**Try it**
Although the records contain pictures, only their text should be reproduced, exactly as written.

**Data under study**
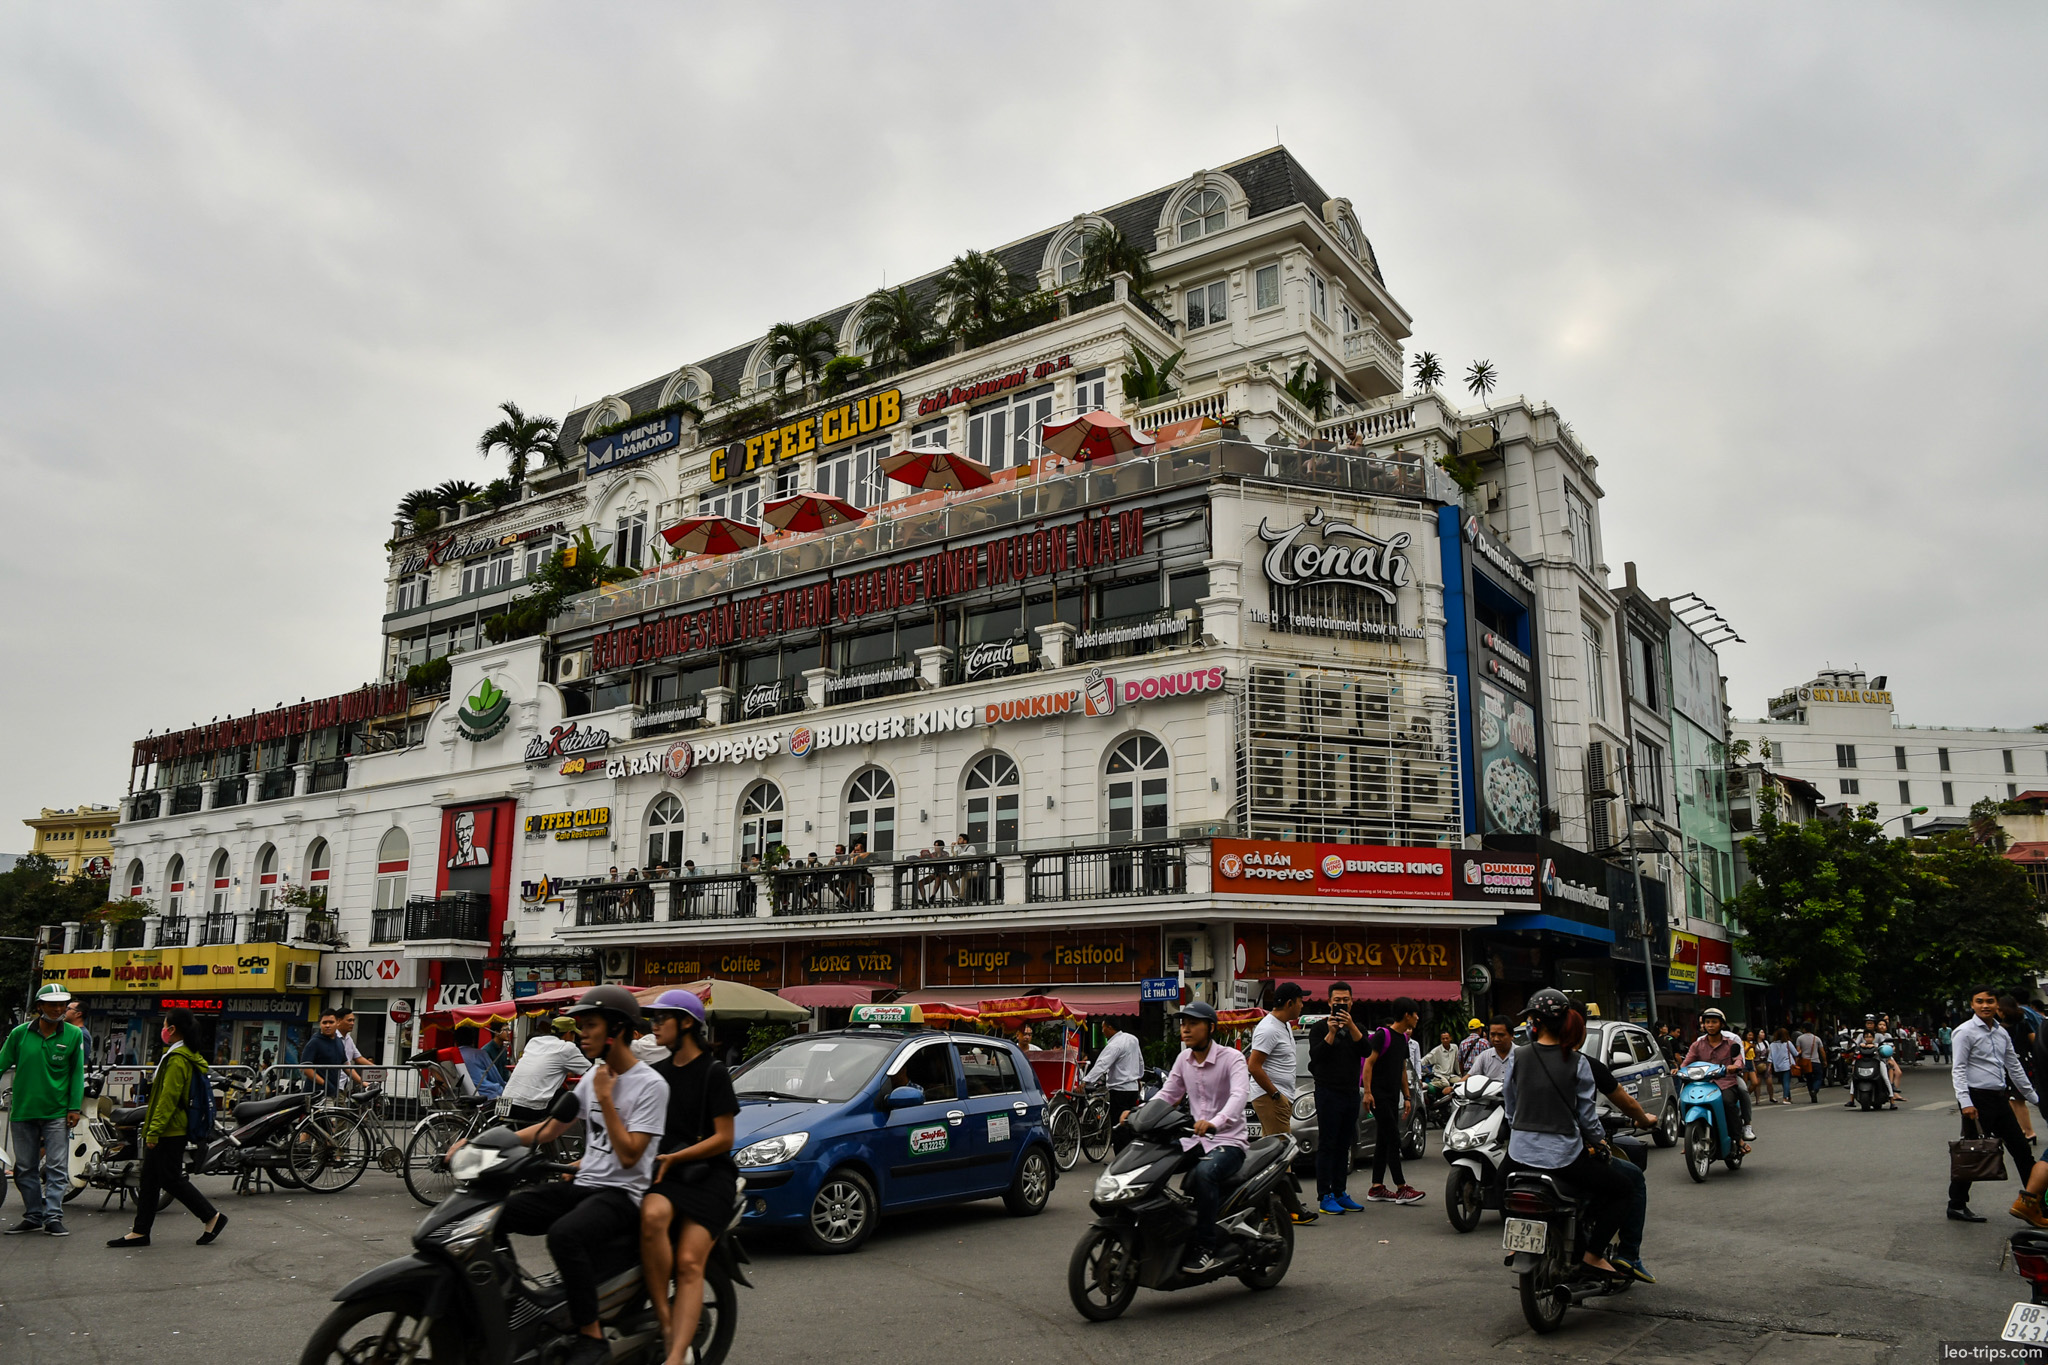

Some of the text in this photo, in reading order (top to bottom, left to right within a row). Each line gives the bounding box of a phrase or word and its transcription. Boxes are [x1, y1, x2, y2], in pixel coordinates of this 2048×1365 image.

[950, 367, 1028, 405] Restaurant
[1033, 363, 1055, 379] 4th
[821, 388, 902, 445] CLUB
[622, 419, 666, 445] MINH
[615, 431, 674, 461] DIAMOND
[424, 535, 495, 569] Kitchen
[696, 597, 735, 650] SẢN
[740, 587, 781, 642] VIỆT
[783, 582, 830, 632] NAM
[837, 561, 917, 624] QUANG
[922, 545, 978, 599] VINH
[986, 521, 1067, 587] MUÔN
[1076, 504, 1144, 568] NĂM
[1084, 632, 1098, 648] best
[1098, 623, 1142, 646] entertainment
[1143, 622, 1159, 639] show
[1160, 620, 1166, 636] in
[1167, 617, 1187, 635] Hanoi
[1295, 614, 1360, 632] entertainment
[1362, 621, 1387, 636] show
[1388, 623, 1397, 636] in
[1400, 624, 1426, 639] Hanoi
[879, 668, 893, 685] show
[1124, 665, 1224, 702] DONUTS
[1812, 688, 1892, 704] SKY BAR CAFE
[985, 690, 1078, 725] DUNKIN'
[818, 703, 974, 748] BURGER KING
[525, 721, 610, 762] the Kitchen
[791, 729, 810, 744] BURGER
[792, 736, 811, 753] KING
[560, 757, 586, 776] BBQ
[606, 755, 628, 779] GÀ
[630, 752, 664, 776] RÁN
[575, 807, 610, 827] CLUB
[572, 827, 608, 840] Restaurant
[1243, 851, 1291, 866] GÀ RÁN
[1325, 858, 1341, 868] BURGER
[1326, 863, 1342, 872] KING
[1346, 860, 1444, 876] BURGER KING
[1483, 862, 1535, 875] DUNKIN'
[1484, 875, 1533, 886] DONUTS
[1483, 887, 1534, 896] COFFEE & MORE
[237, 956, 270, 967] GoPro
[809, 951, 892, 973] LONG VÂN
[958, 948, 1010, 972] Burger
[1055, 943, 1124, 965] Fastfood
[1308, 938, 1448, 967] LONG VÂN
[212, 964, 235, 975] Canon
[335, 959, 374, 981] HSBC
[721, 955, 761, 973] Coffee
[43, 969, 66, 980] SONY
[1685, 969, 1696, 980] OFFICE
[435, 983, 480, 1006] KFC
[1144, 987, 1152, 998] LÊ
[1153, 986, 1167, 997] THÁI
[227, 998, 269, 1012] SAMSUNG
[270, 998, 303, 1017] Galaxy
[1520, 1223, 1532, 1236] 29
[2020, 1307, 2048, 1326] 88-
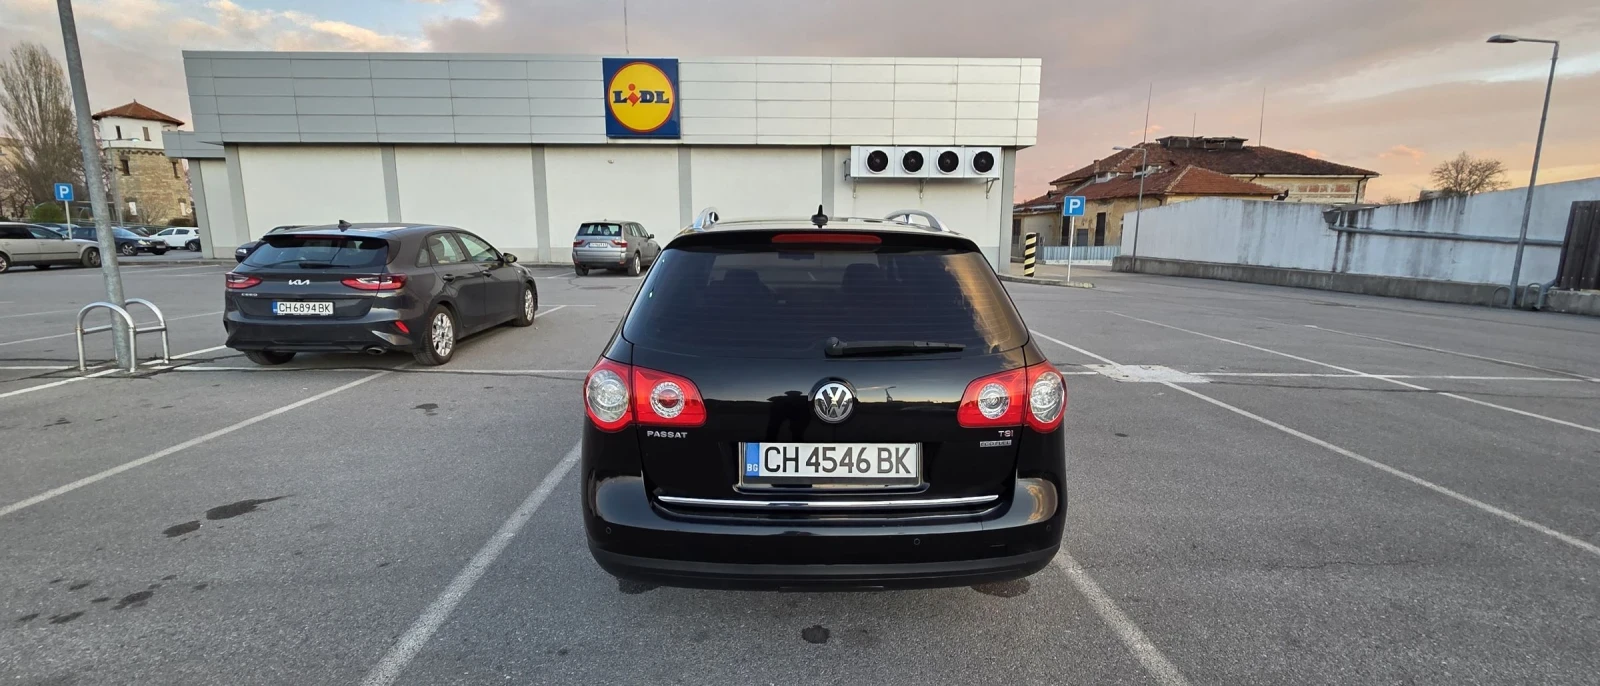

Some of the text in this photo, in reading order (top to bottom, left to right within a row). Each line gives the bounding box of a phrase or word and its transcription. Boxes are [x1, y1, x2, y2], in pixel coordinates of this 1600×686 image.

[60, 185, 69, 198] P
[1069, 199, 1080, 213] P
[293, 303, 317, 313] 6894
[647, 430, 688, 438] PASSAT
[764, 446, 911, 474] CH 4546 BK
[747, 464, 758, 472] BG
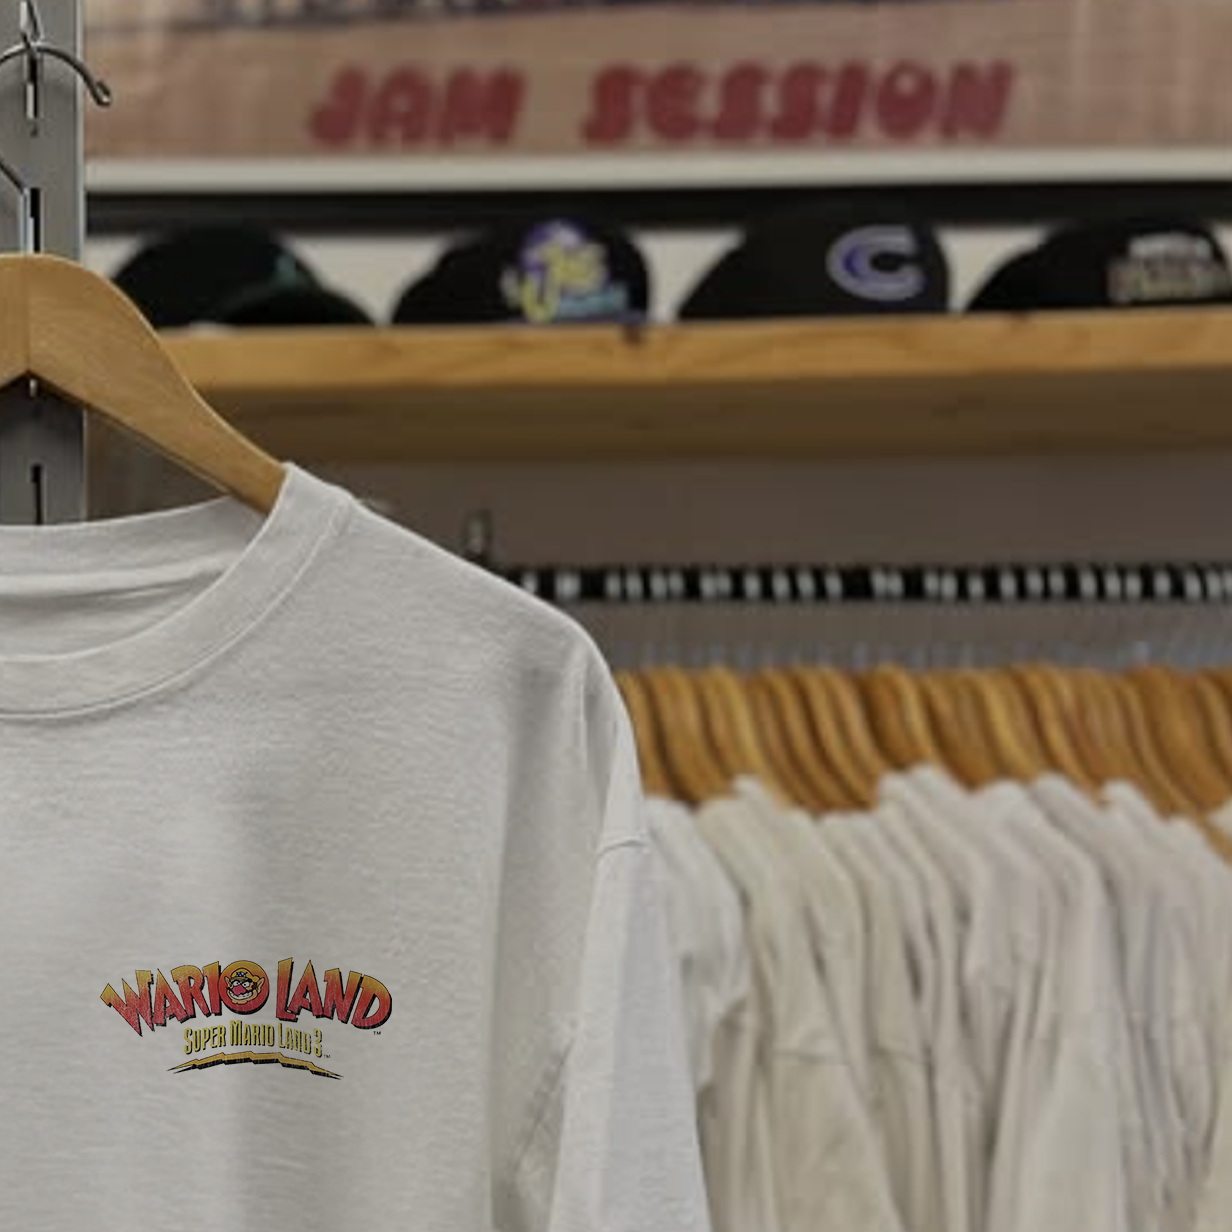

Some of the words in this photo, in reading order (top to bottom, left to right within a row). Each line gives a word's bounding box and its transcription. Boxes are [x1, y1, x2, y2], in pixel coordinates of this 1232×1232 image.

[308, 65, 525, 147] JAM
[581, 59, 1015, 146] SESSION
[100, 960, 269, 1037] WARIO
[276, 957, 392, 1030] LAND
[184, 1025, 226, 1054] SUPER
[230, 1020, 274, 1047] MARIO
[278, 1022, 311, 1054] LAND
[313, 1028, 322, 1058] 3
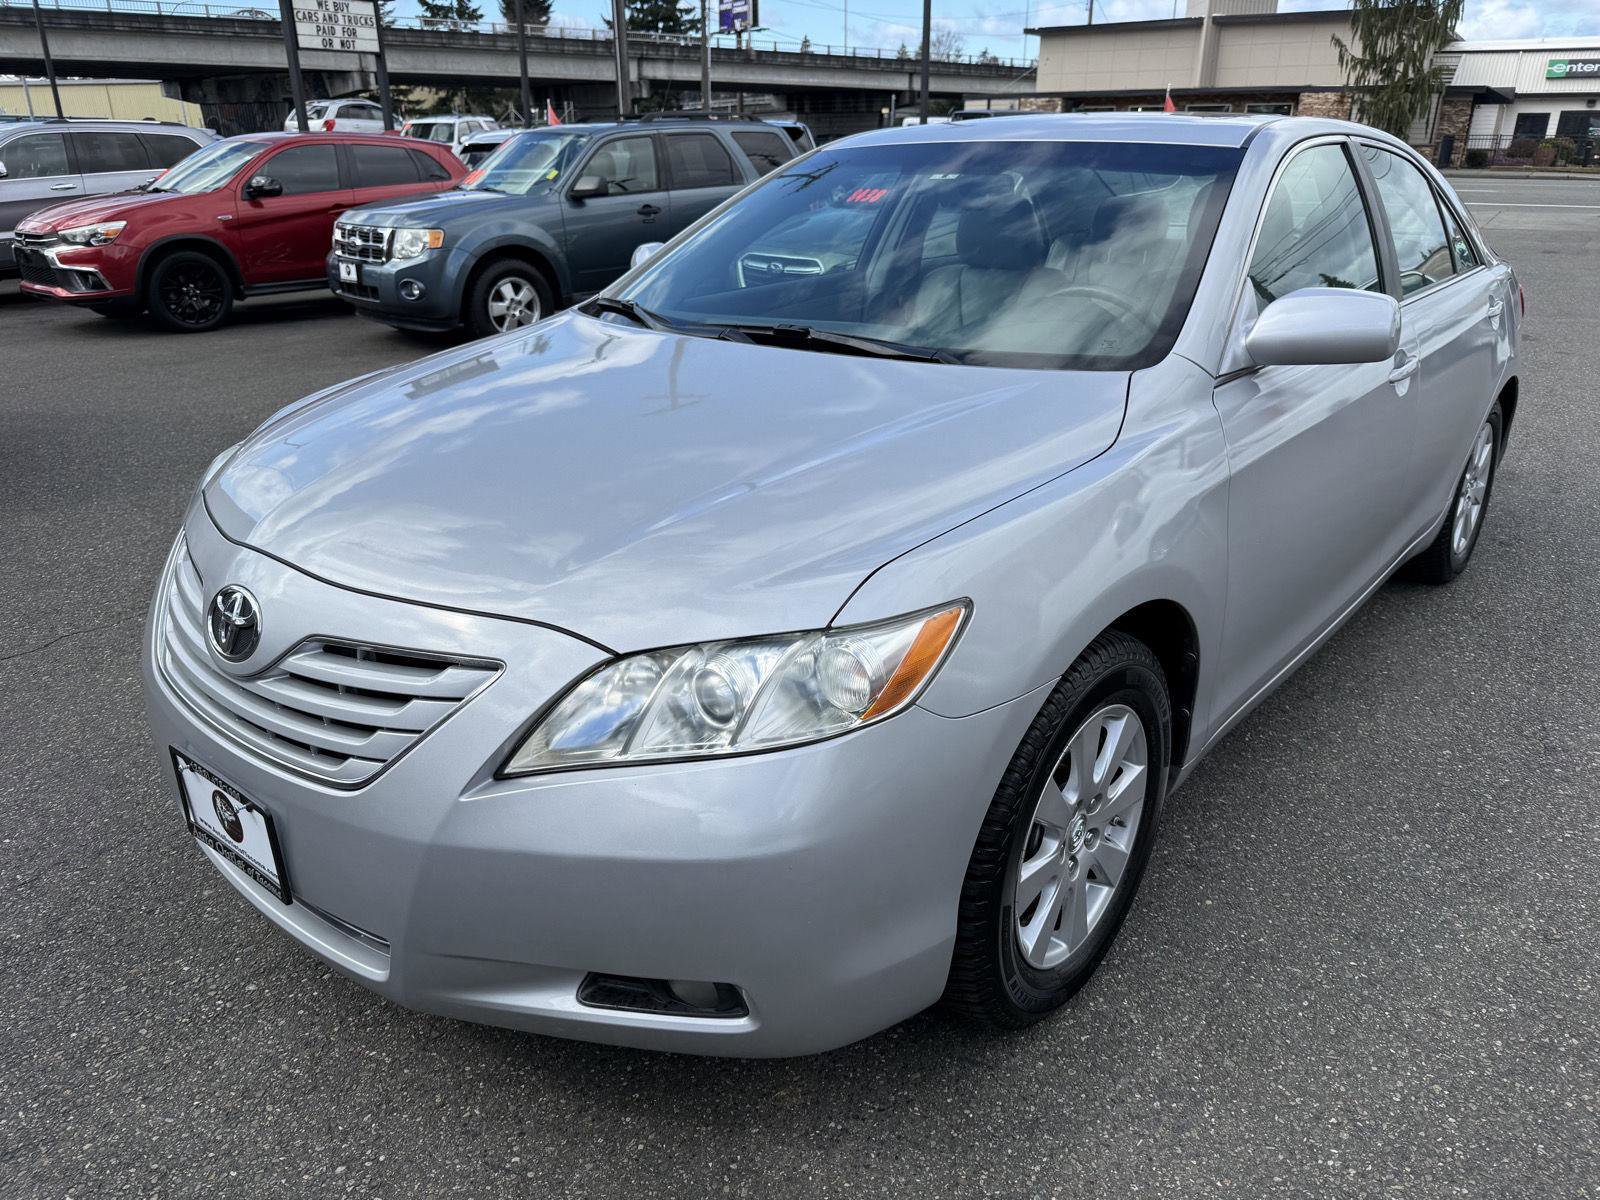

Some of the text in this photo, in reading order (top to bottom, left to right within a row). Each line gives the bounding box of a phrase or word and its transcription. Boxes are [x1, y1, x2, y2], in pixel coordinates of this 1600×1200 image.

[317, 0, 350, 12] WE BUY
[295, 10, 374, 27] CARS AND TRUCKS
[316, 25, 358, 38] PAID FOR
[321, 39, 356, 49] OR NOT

**Result of the task**
Some of the text in this photo, in reading order (top to bottom, left to right within a row). Each line gives the bounding box of a phrase or word and its transcription. Boxes are [x1, y1, x2, y2], in pixel coordinates of this 2048×1365 image.

[950, 367, 1028, 405] Restaurant
[1033, 363, 1055, 379] 4th
[821, 388, 902, 445] CLUB
[622, 419, 666, 445] MINH
[615, 431, 674, 461] DIAMOND
[424, 535, 495, 569] Kitchen
[696, 597, 735, 650] SẢN
[740, 587, 781, 642] VIỆT
[783, 582, 830, 632] NAM
[837, 561, 917, 624] QUANG
[922, 545, 978, 599] VINH
[986, 521, 1067, 587] MUÔN
[1076, 504, 1144, 568] NĂM
[1084, 632, 1098, 648] best
[1098, 623, 1142, 646] entertainment
[1143, 622, 1159, 639] show
[1160, 620, 1166, 636] in
[1167, 617, 1187, 635] Hanoi
[1295, 614, 1360, 632] entertainment
[1362, 621, 1387, 636] show
[1388, 623, 1397, 636] in
[1400, 624, 1426, 639] Hanoi
[879, 668, 893, 685] show
[1124, 665, 1224, 702] DONUTS
[1812, 688, 1892, 704] SKY BAR CAFE
[985, 690, 1078, 725] DUNKIN'
[818, 703, 974, 748] BURGER KING
[525, 721, 610, 762] the Kitchen
[791, 729, 810, 744] BURGER
[792, 736, 811, 753] KING
[560, 757, 586, 776] BBQ
[606, 755, 628, 779] GÀ
[630, 752, 664, 776] RÁN
[575, 807, 610, 827] CLUB
[572, 827, 608, 840] Restaurant
[1243, 851, 1291, 866] GÀ RÁN
[1325, 858, 1341, 868] BURGER
[1326, 863, 1342, 872] KING
[1346, 860, 1444, 876] BURGER KING
[1483, 862, 1535, 875] DUNKIN'
[1484, 875, 1533, 886] DONUTS
[1483, 887, 1534, 896] COFFEE & MORE
[237, 956, 270, 967] GoPro
[809, 951, 892, 973] LONG VÂN
[958, 948, 1010, 972] Burger
[1055, 943, 1124, 965] Fastfood
[1308, 938, 1448, 967] LONG VÂN
[212, 964, 235, 975] Canon
[335, 959, 374, 981] HSBC
[721, 955, 761, 973] Coffee
[43, 969, 66, 980] SONY
[1685, 969, 1696, 980] OFFICE
[435, 983, 480, 1006] KFC
[1144, 987, 1152, 998] LÊ
[1153, 986, 1167, 997] THÁI
[227, 998, 269, 1012] SAMSUNG
[270, 998, 303, 1017] Galaxy
[1520, 1223, 1532, 1236] 29
[2020, 1307, 2048, 1326] 88-

Some of the text in this photo, in reading order (top to bottom, left to right within a row). Each line gives the bounding box of a phrase or word and its transcription. Boxes are [x1, y1, x2, y2], in pixel coordinates of this 1600×686 image.

[60, 185, 69, 198] P
[1069, 199, 1080, 213] P
[293, 303, 317, 313] 6894
[647, 430, 688, 438] PASSAT
[764, 446, 911, 474] CH 4546 BK
[747, 464, 758, 472] BG

Some of the words in this photo, in reading order (top to bottom, left to right within a row). Each line gives a word's bounding box and its transcription. Boxes are [x1, y1, x2, y2], in pixel coordinates of this 1232×1232 image.

[308, 65, 525, 147] JAM
[581, 59, 1015, 146] SESSION
[100, 960, 269, 1037] WARIO
[276, 957, 392, 1030] LAND
[184, 1025, 226, 1054] SUPER
[230, 1020, 274, 1047] MARIO
[278, 1022, 311, 1054] LAND
[313, 1028, 322, 1058] 3

Some of the text in this photo, in reading order (top to bottom, left to right within a row). Each line gives the bounding box of a phrase or word and its transcription. Boxes are [x1, y1, x2, y2], in pixel coordinates of this 1600×1200 image.

[317, 0, 350, 12] WE BUY
[295, 10, 374, 27] CARS AND TRUCKS
[316, 25, 358, 38] PAID FOR
[321, 39, 356, 49] OR NOT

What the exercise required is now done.